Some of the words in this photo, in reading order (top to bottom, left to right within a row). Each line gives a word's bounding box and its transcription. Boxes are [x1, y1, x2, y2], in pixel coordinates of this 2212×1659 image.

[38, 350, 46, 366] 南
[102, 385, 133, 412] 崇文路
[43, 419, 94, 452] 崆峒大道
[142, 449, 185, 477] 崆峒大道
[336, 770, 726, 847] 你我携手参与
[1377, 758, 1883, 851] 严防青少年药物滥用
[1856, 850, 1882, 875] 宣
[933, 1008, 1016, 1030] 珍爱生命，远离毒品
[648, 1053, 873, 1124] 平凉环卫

★ ★ ★ ★ ★

Work required:
Once you have read the entries, write them out again without altering a single character.

Result:
Some of the words in this photo, in reading order (top to bottom, left to right within a row). Each line gives a word's bounding box and its transcription. Boxes are [x1, y1, x2, y2], in pixel coordinates of this 2212×1659 image.

[38, 350, 46, 366] 南
[102, 385, 133, 412] 崇文路
[43, 419, 94, 452] 崆峒大道
[142, 449, 185, 477] 崆峒大道
[336, 770, 726, 847] 你我携手参与
[1377, 758, 1883, 851] 严防青少年药物滥用
[1856, 850, 1882, 875] 宣
[933, 1008, 1016, 1030] 珍爱生命，远离毒品
[648, 1053, 873, 1124] 平凉环卫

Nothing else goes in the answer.